CN111505158B

CN111505158B - 一种基于孵化处理的尼古丁转化烟株色质快速筛查方法

Info

Publication number: CN111505158B
Application number: CN202010385363.7A
Authority: CN
Inventors: 李勇; 逄涛; 陈学军; 隋学艺; 师君丽; 李永平; 孔光辉; 陈萍; 吴玉萍
Original assignee: Yunnan Academy of Tobacco Agricultural Sciences
Current assignee: Yunnan Academy of Tobacco Agricultural Sciences
Priority date: 2020-05-09
Filing date: 2020-05-09
Publication date: 2022-09-23
Anticipated expiration: 2040-05-09
Also published as: US11525814B2; CN111505158A; US20210349063A1

Abstract

本发明公开了一种基于孵化处理的尼古丁转化烟株色质快速筛查方法，包括育苗采样、生物碱提取、样品孵化、仪器分析及数据分析，本发明孵化培养烟叶不需要添加激化剂，无需控制湿度，将烟苗烟叶样品置于密闭容器中孵化10‑12小时即可进行生物碱提取及分析，由于本实验无需额外控制孵化反应的湿度，也无需添加激化剂，简化了反应条件，使得孵化反应在任何温度可控的环境下均可进行，极大缩短了孵化时间，提高了工作效率；本发明通过气质联用仪进行生物碱含量分析，只需5‑6分钟即可测定出尼古丁及降烟碱的含量从而得出PNC值，缩短了样品液的分析时间；本发明引入了PPNC作为PNC的简化方案，PPNC比PNC更容易获得，且不受标准品纯度、标准曲线质量等因素影响。

Description

一种基于孵化处理的尼古丁转化烟株色质快速筛查方法

技术领域

本发明属于化学分析检测技术领域，具体涉及一种基于孵化处理的尼古丁转化烟株色质快速筛查方法。

背景技术

在栽培烟草中，能将大部分尼古丁转化为降烟碱的突变植株被称为"转化株"，转化株中尼古丁含量降低，而降烟碱、N-亚硝基降烟碱以及麦司明等致癌物含量则成倍上升，这种变化导致转化株烟叶的评吸质量降低，致癌风险上升。

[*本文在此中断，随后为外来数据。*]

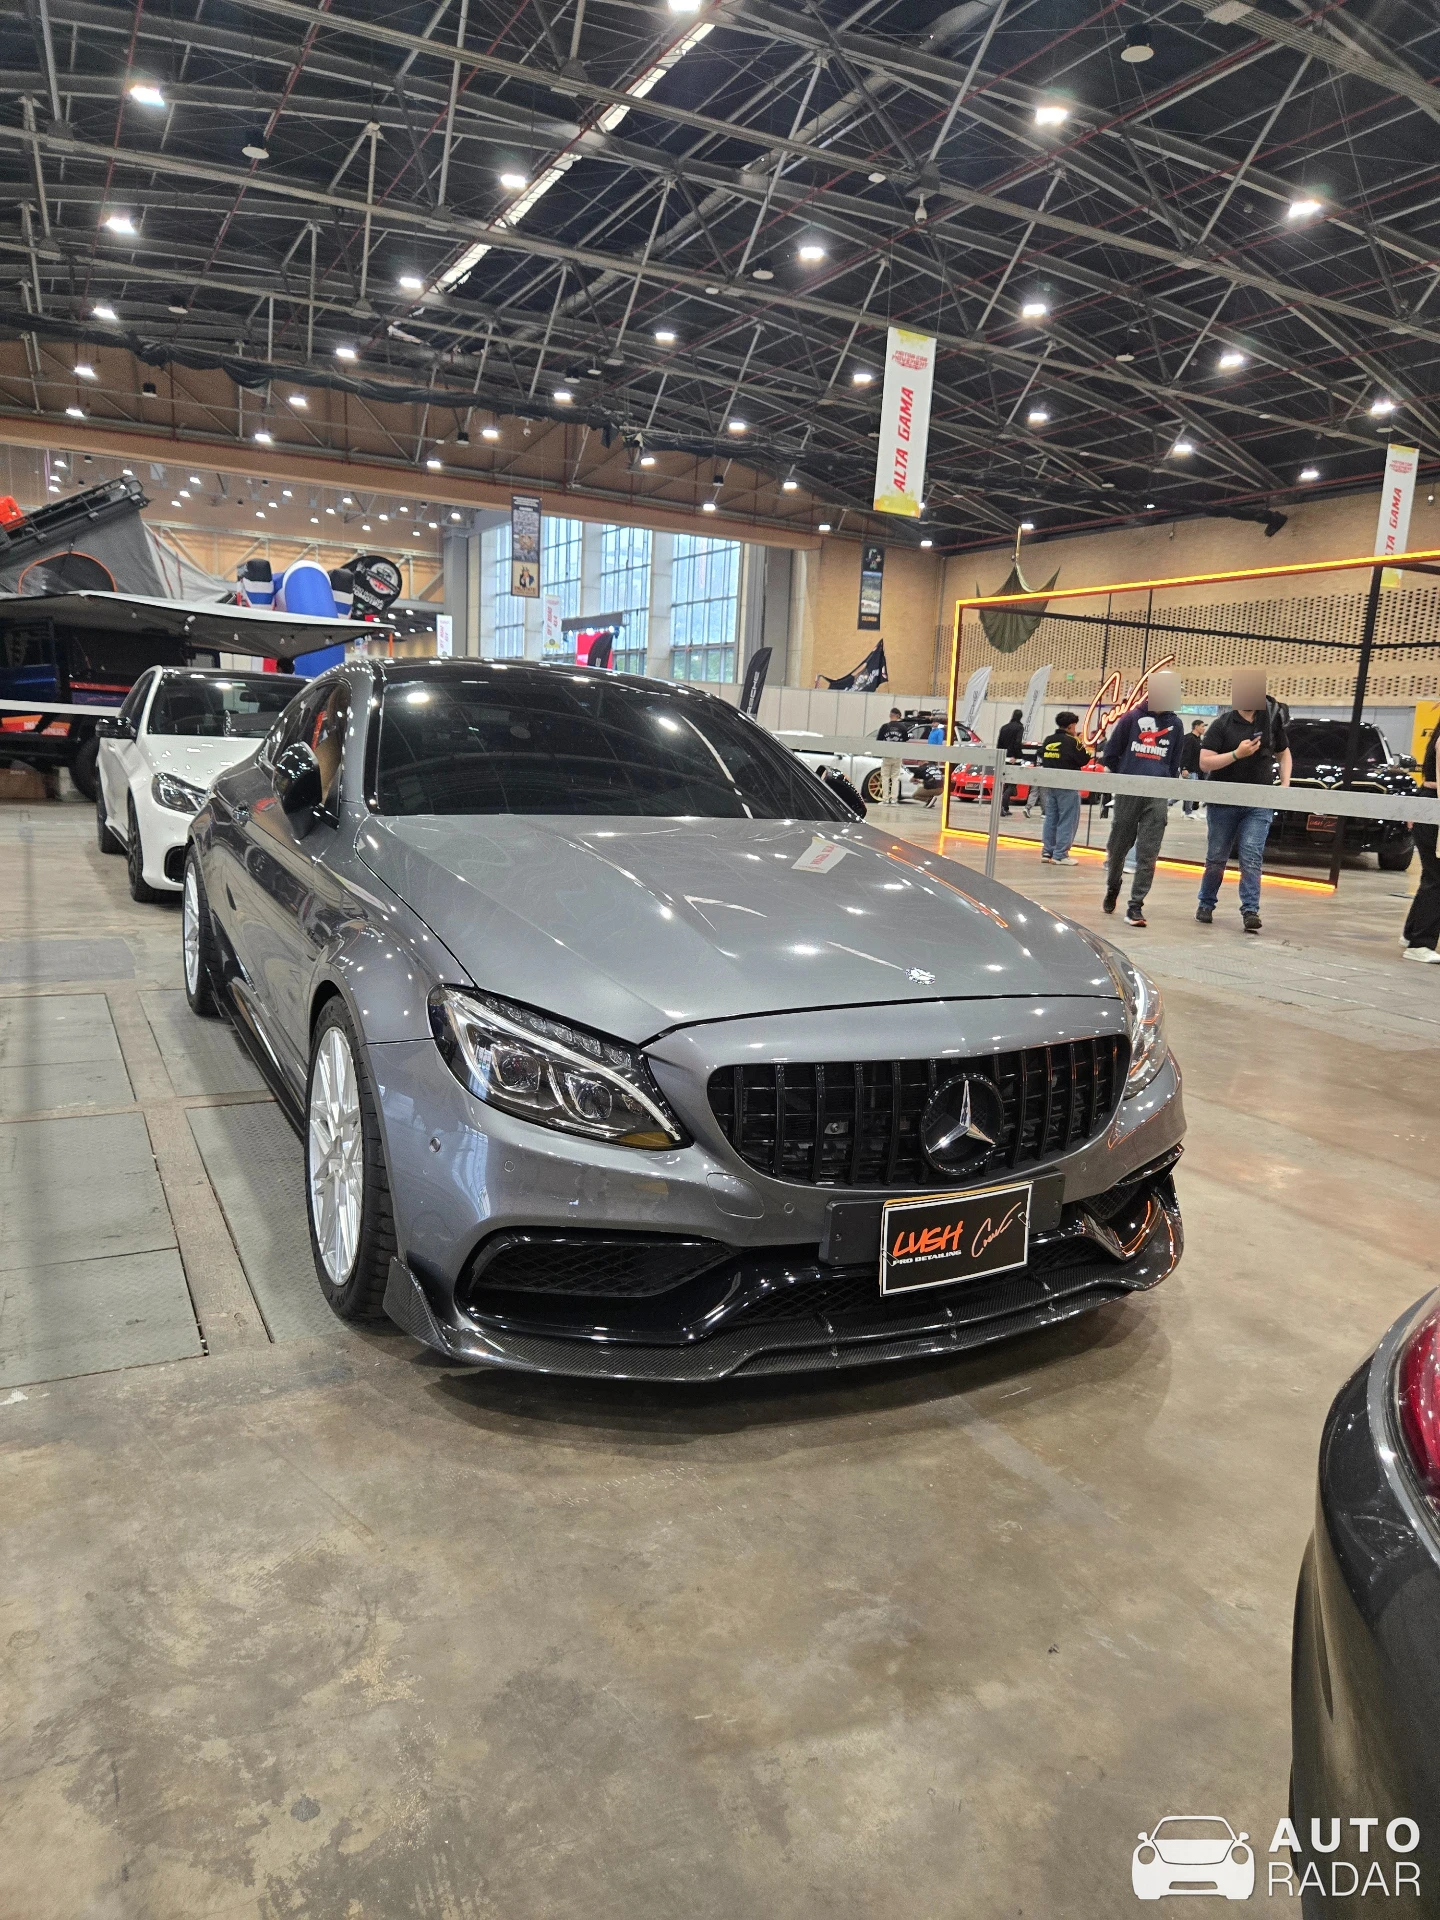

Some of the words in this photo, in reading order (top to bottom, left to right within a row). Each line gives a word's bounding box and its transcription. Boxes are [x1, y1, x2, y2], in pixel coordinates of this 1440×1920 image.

[897, 386, 914, 442] GAMA
[893, 447, 908, 493] ALTA
[1389, 487, 1402, 530] GAMA
[892, 1257, 914, 1265] PRO
[914, 1249, 962, 1263] DETAILING
[893, 1220, 964, 1258] LUSH

因此，如何从栽培烟草群体中鉴别并去除转化株对于生产质量合格的烟叶是极其必要的。目前，鉴别转化株的方法通常为化学分析检测法，通过乙烯、乙烯利、碳酸氢钠等为激化剂孵化成熟烟叶，促使转化株烟叶中的尼古丁在短时间内大量转化为降烟碱，进而检测尼古丁和降烟碱的变化来鉴别转化株。Shi等人优化了转化株的孵化条件(包括温度，相对湿度和激化剂)，以实现尼古丁的最大转化，然后根据最大转化率筛选转化株。该方法十分有效但比较费时，孵化反应耗时4-6天，测定尼古丁和降烟碱的含量还需几个小时，因此不适合大规模烟株样本的筛查。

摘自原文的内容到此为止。